But his work was all before him! That prayer had to be made to his father; or rather some wonderful effort of eloquence must be made by which his father might be convinced that this girl was so infinitely superior to anything of feminine creation that had ever hitherto been seen or heard of, that all ideas as to birth, country, rank, or name ought in this instance to count for nothing. He did believe himself that he had found such a pearl, that no question of setting need be taken into consideration. If the Duke would not see it the fault would be in the Duke’s eyes, or perhaps in his own words—but certainly not in the pearl.

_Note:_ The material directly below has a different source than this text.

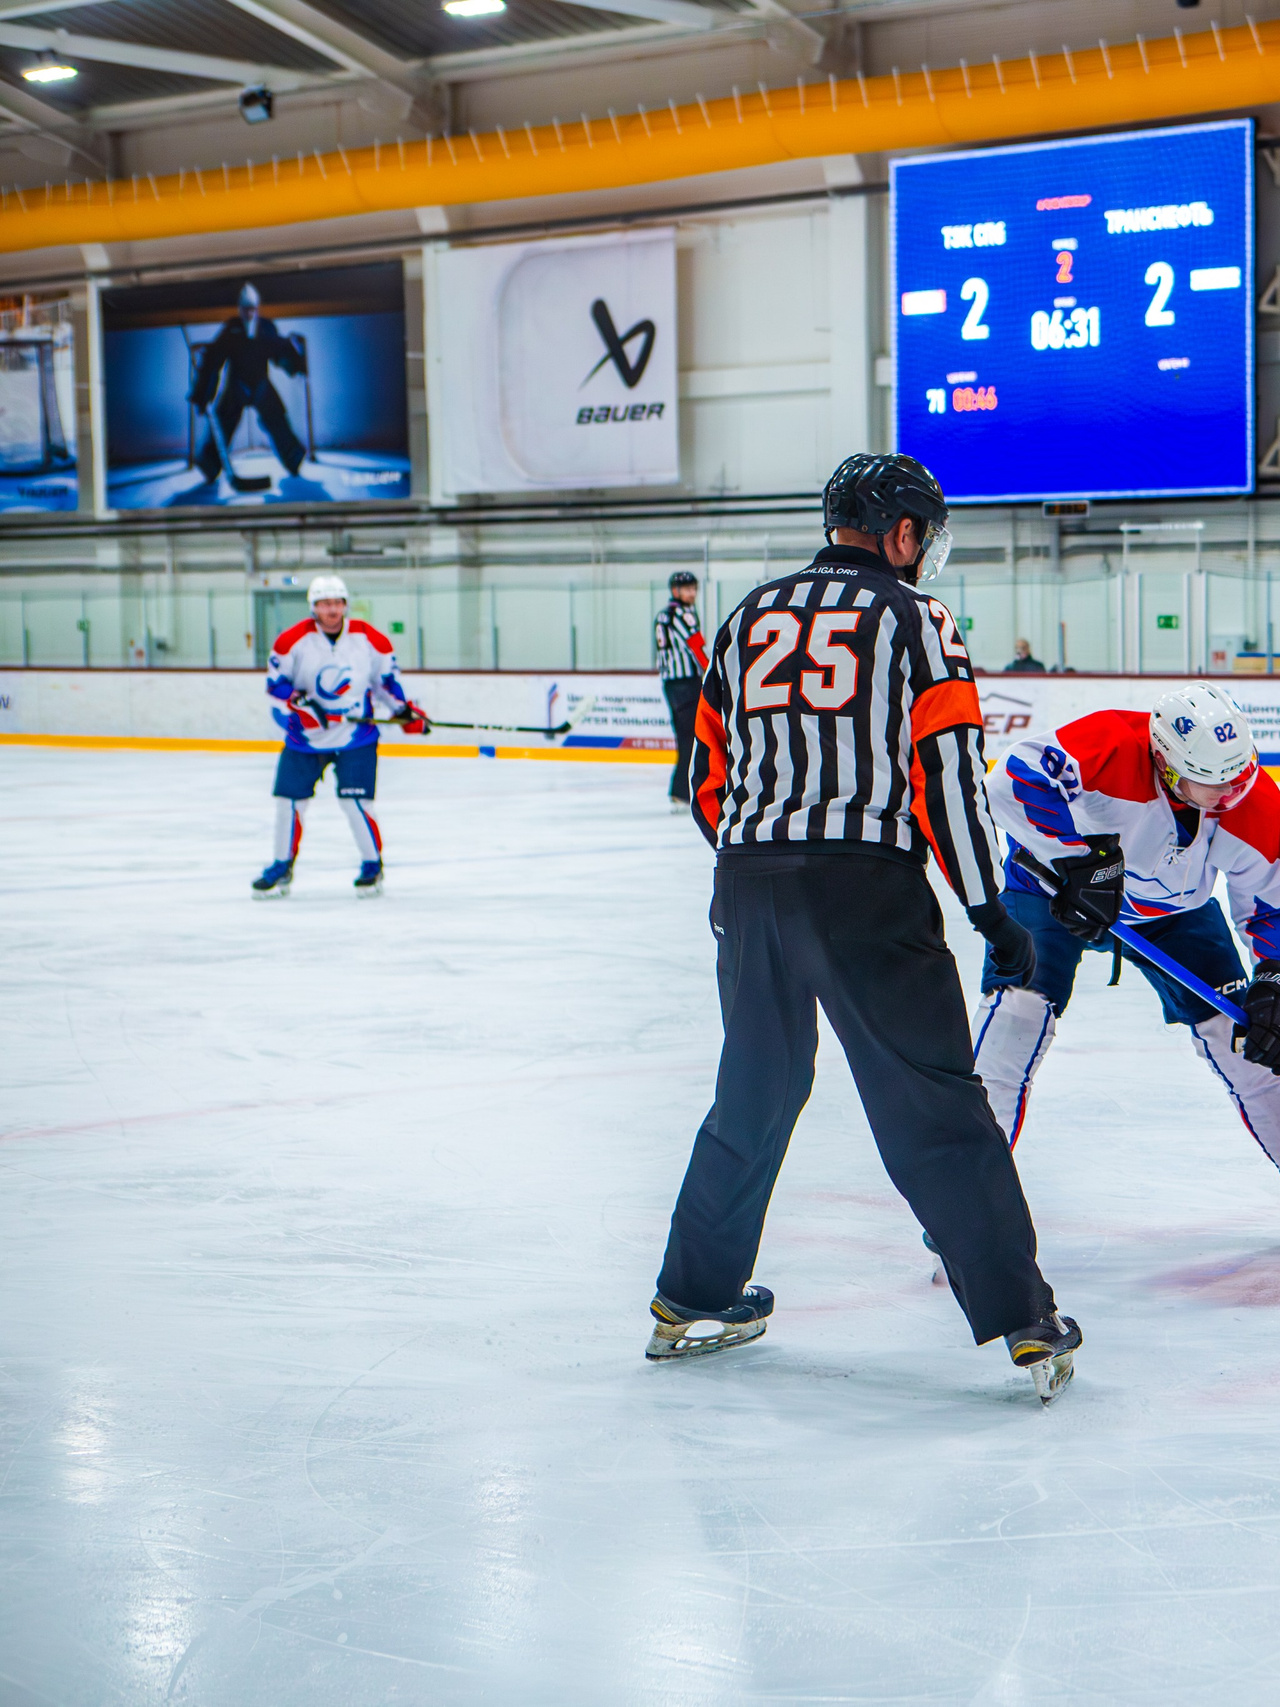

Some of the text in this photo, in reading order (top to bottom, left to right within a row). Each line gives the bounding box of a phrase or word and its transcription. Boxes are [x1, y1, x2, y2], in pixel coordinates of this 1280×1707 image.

Then he compared her to poor Lady Mabel, and in doing so did arrive at something near the truth in his inward delineation of the two characters. Lady Mabel with all her grace, with all her beauty, with all her talent, was a creature of efforts, or, as it might be called, a manufactured article. She strove to be graceful, to be lovely, to be agreeable and clever. Isabel was all this and infinitely more without any struggle. When he was most fond of Mabel, most anxious to make her his wife, there had always been present to him a feeling that she was old. Though he knew her age to a day—and knew her to be younger than himself, yet she was old. Something had gone of her native bloom, something had been scratched and chipped from the first fair surface, and this had been repaired by varnish and veneering. Though he had loved her he had never been altogether satisfied with her. But Isabel was as young as Hebe. He knew nothing of her actual years, but he did know that to have seemed younger, or to have seemed older—to have seemed in any way different from what she was—would have been to be less perfect.
LXIX
“Pert Poppet!”
On a Sunday morning—while Lord Silverbridge was alone in a certain apartment in the house in Carlton Terrace which was called his own sitting-room, the name was brought him of a gentleman who was anxious to see him. He had seen his father and had used all the eloquence of which he was master—but not quite with the effect which he had desired. His father had been very kind, but he, too, had been eloquent;—and had, as is often the case with orators, been apparently more moved by his own words than by those of his adversary. If he had not absolutely declared himself as irrevocably hostile to Miss Boncassen he had not said a word that might be supposed to give token of assent.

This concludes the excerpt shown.